The year 1947 ushered in great political and constitutional changes in India, which affected not merely what was then called British India but also the Indian States, such as Mysore etc. The Indian Independence Act, 1947, brought into existence two independent Dominions, India and Pakistan, as from August 15, 1947. The Act, however, received Royal assent on July 18, 1947. Section 7 set out the consequences of the setting up of the two new Dominions: one such consequence was that the suzerainty of His Majesty over the Indian States lapsed, and with it lapsed all treaties, agreements etc., between His Majesty and the rulers of Indian States, including all powers, rights, authority or jurisdiction exercisable by His Majesty in an Indian State by treaty, grant, usage, suffrage etc. In view of the aforesaid provision-perhaps in anticipation of it, the retroceded area was given back to the State of Mysore on July 26, 1947 by a notification Made by the Crown Representative under the Indian (Foreign Jurisdiction) Order in Council, 1937. This did not, however, mean that the Mysore laws at once came into force in the retroceded area. On August 4, 1947, the Maharaja of Mysore enacted two laws:

the Retrocession (Application of Laws) Act 1947, being Act XXIII of 1947, and the Retrocession (Transitional Provisions) Act, 1947 being Act XXIV of 1947. The combined effect of these laws was this: all laws in force in the retroceded area prior to the the date of retrocession, which was July 26, 1947, continued to have effect and be operative in the retroceded area (vide s. 3 of Act XXIII of 1947) and the Mysore officers were given jurisdiction to deal with proceedings under the laws in force prior to the date of retrocession (see s. 12 of Act XXIV of 1947). This state of affairs continued till June 30, 1948, on which date was promulgated the Mysore Income-tax and Excess Profits Tax (Application to the Retroceded Area) (Emergency) Act, 1948, being Act XXXI of 1948. Section 3 of this Act said-
791
"Notwithstanding anything to the contrary in section 3 of the Retrocession (Application of Laws) Act, 1947,
(i) the Mysore Income-tax Act, 1923, and
(ii) the Mysore Excess Profits Tax Act, 1946, except sub-section (4) of section 2, and all rules, orders and notifications made or issued tinder the aforesaid Acts and for the time being in force shall with effect from the first day of July, 1948, and save as otherwise provided in this Act, take effect in the Retroceded Area to the same extent and in the same manner as in the rest of Mysore."

Section 6 said-

" Subject to the provisions of this Act, the Indian Income- tax Act, 1922, and the Excess Profits Tax Act, 1940, as continued by the Retrocession (Application of Laws) Act, 1947, are hereby repealed."
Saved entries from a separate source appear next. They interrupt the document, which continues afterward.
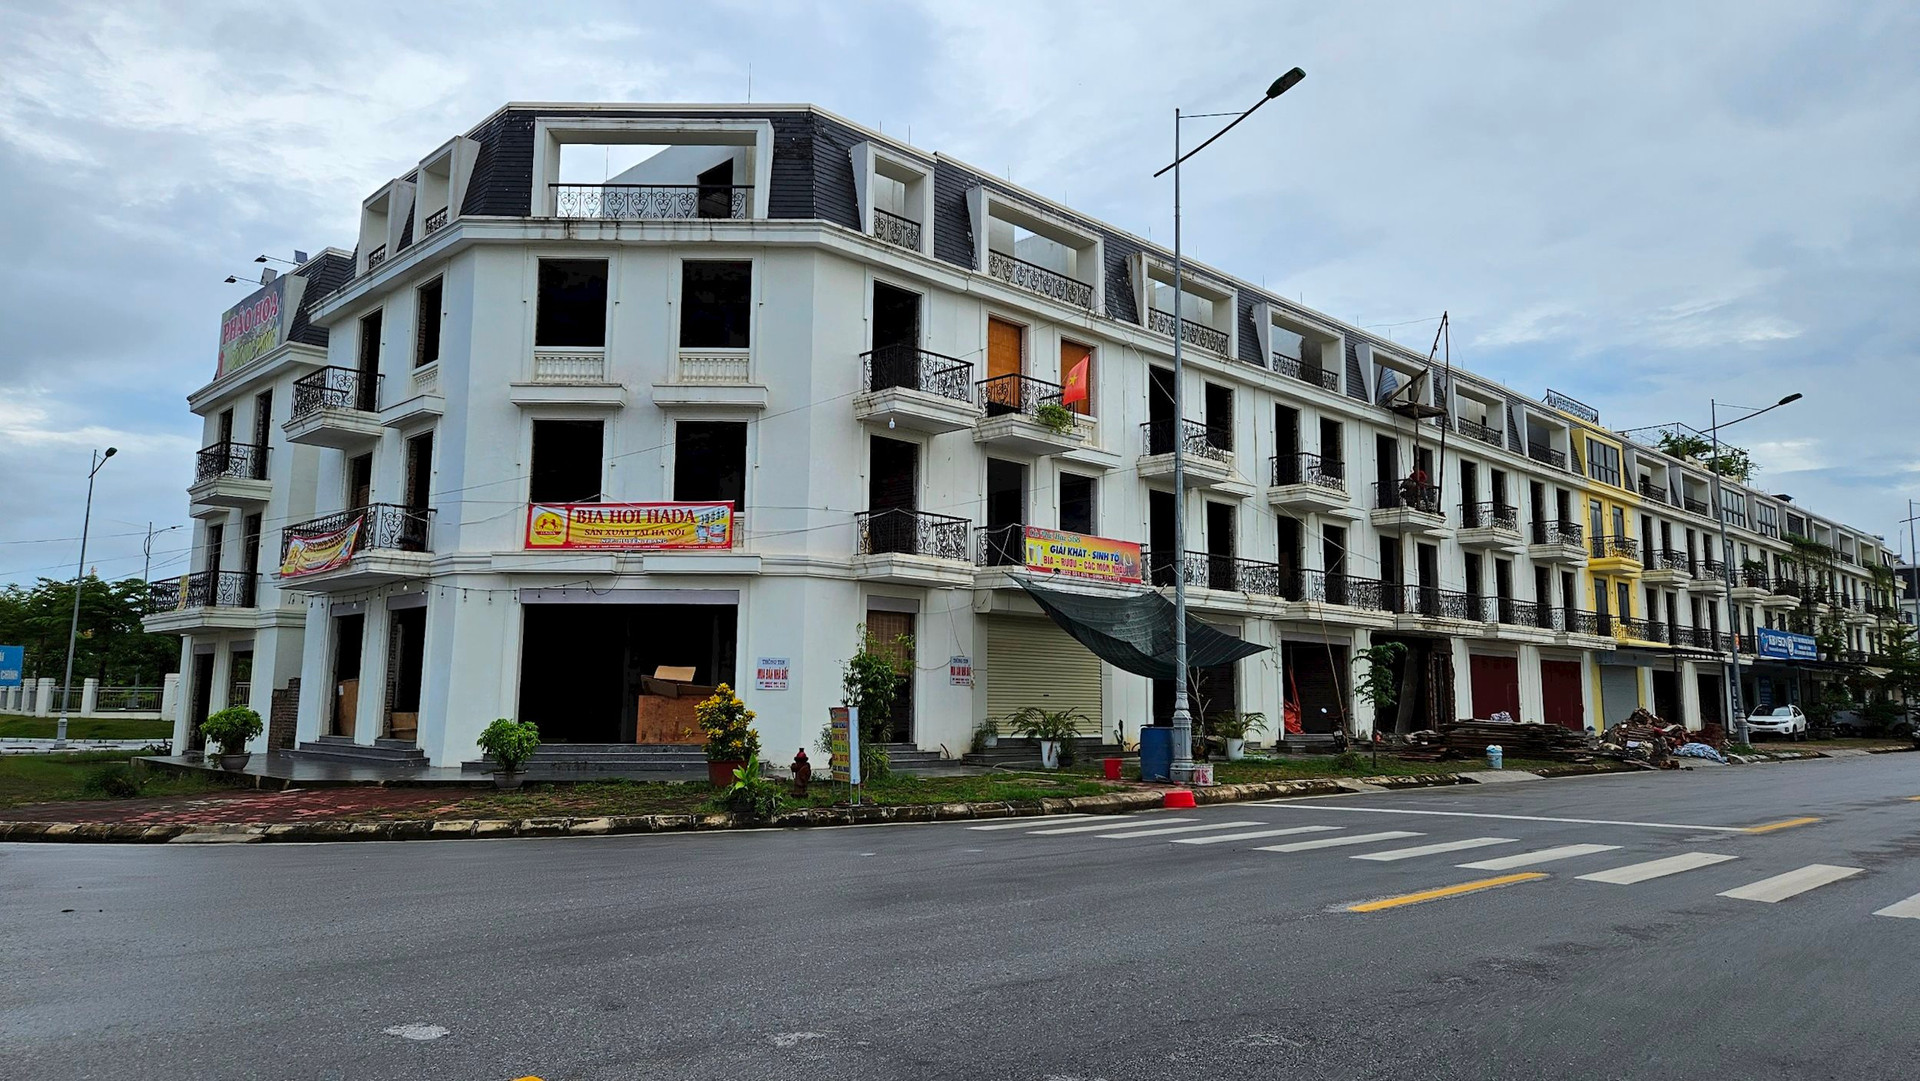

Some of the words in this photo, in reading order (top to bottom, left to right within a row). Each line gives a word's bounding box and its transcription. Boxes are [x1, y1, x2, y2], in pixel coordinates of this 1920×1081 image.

[253, 291, 279, 329] HOA
[576, 509, 604, 523] BIA
[647, 508, 696, 524] HADA
[668, 528, 685, 537] NỘI
[1043, 556, 1054, 565] BIA
[1050, 543, 1066, 555] GIẢI
[1067, 547, 1087, 558] KHÁT
[1092, 551, 1109, 561] SINH
[1110, 550, 1120, 562] TỐ
The repeal of the Indian Income-tax Act, 1922, effected by s. 6 aforesaid, was subject to other provisions of Act XXXI of 1948, and one such provision which is material for the dispute before us was contained in s. 5, the relevant portion whereof was in these terms-

" S. 5. Notwithstanding anything to the contrary in the Mysore Income-tax Act, 1923, or the Mysore Excess Profits Tax Act, 1946,-
(a).........................................................
(b)in respect of the total income or profits chargeable to income-tax or excess profits tax in the Retroceded Area prior to the first day of July, 1948, but which has not been, assessed until that date, the provisions of the Indian Income-tax Act, 1922,and the Excess Profits Tax Act, 1940, as in force in the Retroceded Area immediately before that date shall apply to proceedings relating to the assessment of such in-come or profits until the stage of assessment, and the determination of the income-tax and excess profits tax payable thereon, and the Mysore Income-tax Act, 1923, or the Mysore Excess Profits Tax Act, 1946, as the case may be, shall apply to such proceedings after that stage ;
101 792
(c)..................
(d)..................
(e)..................

The effect of ss. 3, 5 (b) and 6 of Mysore Act, XXXI of 1948, inter alia, was that though the Indian Incometax Act, 1922, stood repealed and the Mysore Incometax Act, 1923, came into effect from July 1, 1948 the former Act as in force in the retroceded area prior to July 1, 1948, continued to apply in respect of the total income chargeable to income-tax in the retroceded area prior to July 1, 1948 but which had not been assessed until that date, and it further applied to all proceedings relating to the assessment of such income until the stage of assessment and the determination of incometax but the Mysore Act, 1923, applied to such proceedings after that stage. On August 5, 1948, was promulgated the Retroceded Area (Application of Laws) Act, LVII of 1948, which came into effect from August 15, 1948. Sections 3 and 4 of Act LVII of 1948, are material for our purpose and may be quoted-

"S. 3. Except as hereinafter in this Act provided,- (3) all laws in force in Mysore shall apply to the Retroceded Area; and
(b)the laws in force in the Retroceded Area immediately before the appointed day shall not, from that day, have effect or be operative in the Retroceded Area,."
" S. 4. The enactments in force in Mysore which are set out in the first column of Schedule A to this Act shall apply to the Retroceded Area subject to the modifications and restrictions specified in the second column of the said Schedule and, the provisions of this Act."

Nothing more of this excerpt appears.